Tout le monde s'agitait dans les coulisses, de cette vaste tonnelle blanche tachée de terre et de moisissures. Les musiciens, managers et producteurs se remuaient tous pour que l'équipe technique soit prête et j'avais du mal à m'insérer dans les coulisses.

— Hey Lou finalement te voilà ? me taquina un des membres choristes du groupe.

Il était difficile pour moi de passer inaperçue, et j'étais étonnée que ce vieux monsieur aux cheveux mi-long grisonnants ait encore la difficulté de prononcé mon prénom en deux syllabes ; mais comme cela lui faisait plaisir et que je l'appréciais sans en savoir les vraies raisons, je préférais me taire et sourire comme s'il avait lancé la meilleure vanne.

Issan, lui, nous accompagnait à chaque pas, essayant tant bien que mal de s'imprégner de son nouveau rôle. Il n'avait pas l'air de tout comprendre, mais en même temps, je n'arrivais même plus à être interloquée par la situation. Maxence me demanda d'ailleurs de le chaperonner, et je n'étais pas sûre de vouloir le faire, mais cela ne le préoccupait pas. Maxence dont son esprit était déjà occupé par sa prochaine représentation, me laissa planter là comme un vieux pot de fleur.

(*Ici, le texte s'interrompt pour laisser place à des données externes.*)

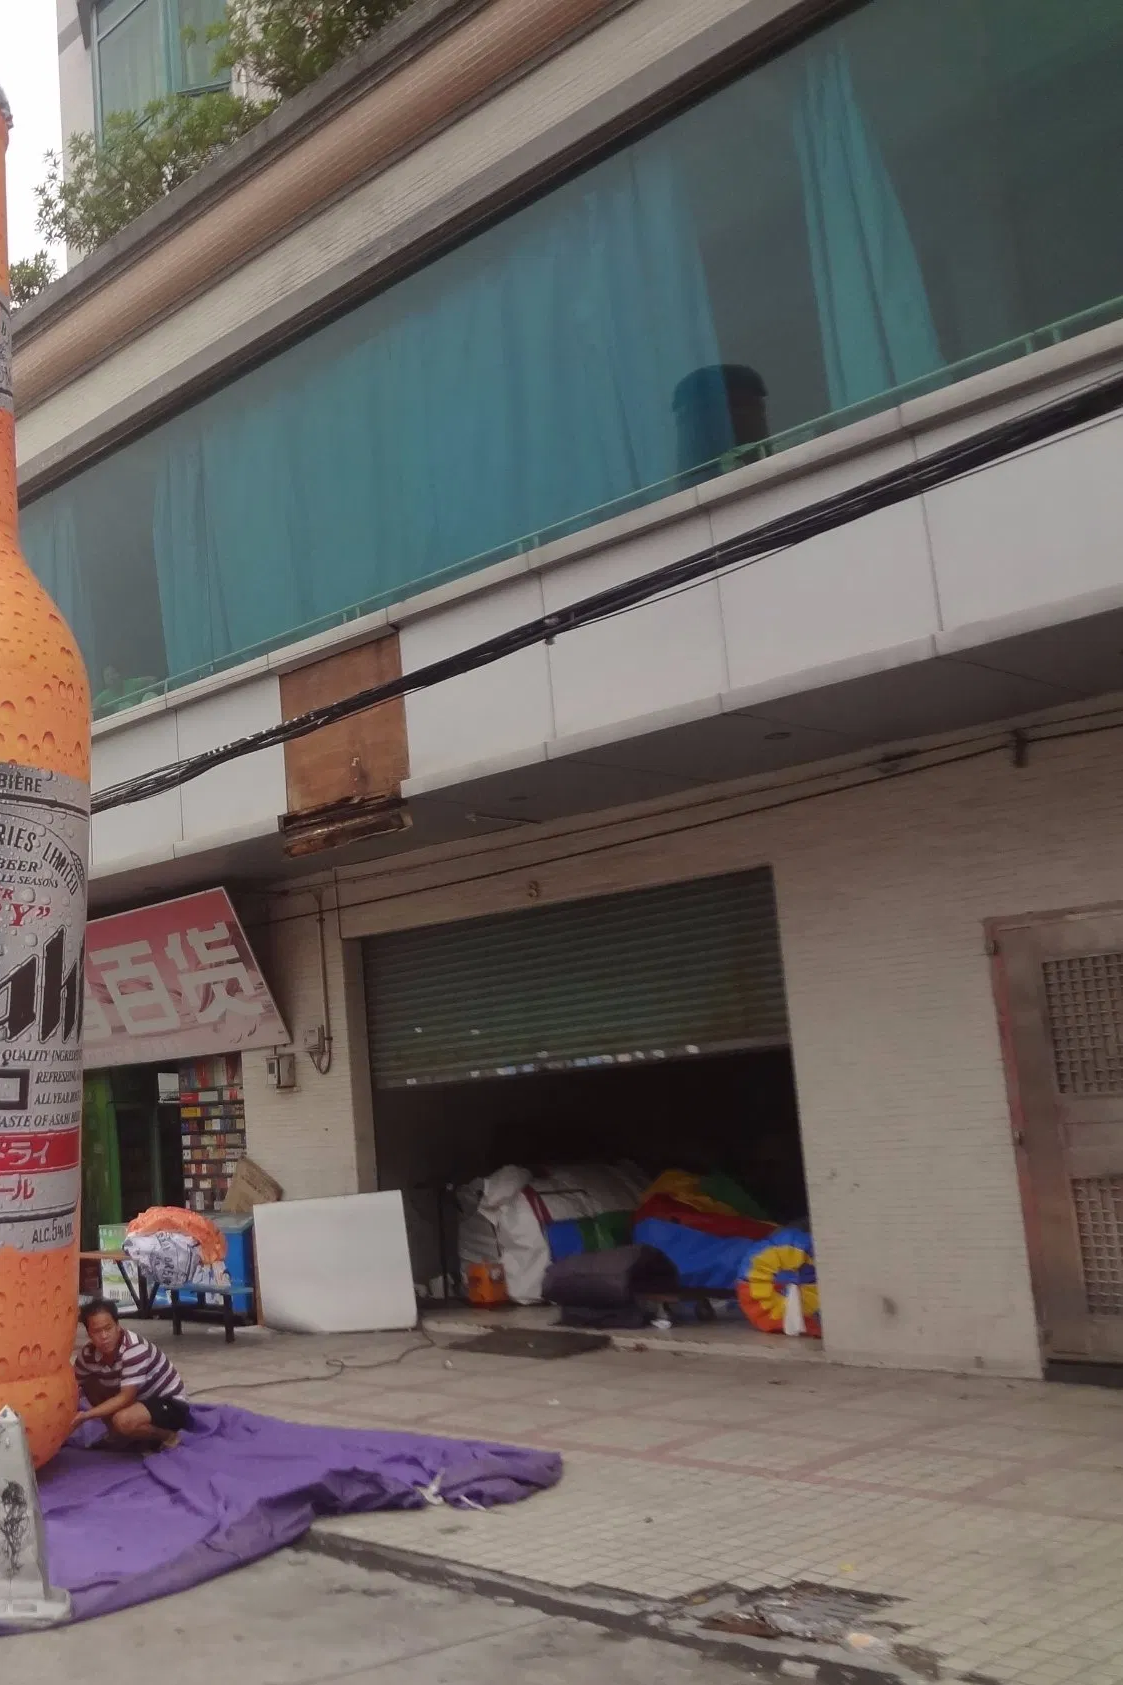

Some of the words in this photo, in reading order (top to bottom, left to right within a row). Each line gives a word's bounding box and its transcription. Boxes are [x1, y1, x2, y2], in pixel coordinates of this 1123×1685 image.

— Je suppose que tu n'es au courant de rien... lançais-je à Issan.

Il n'osait pas répondre, le Caïd que j'avais vu la dernière fois aurait-il pris la tangente ?

— Tu dois savoir, Issan, que Maxence est un être imprévisible, qu'il a des attentes rarement satisfaites et qu'il veut souvent toujours plus...

— Et ça devrait me déstabiliser ?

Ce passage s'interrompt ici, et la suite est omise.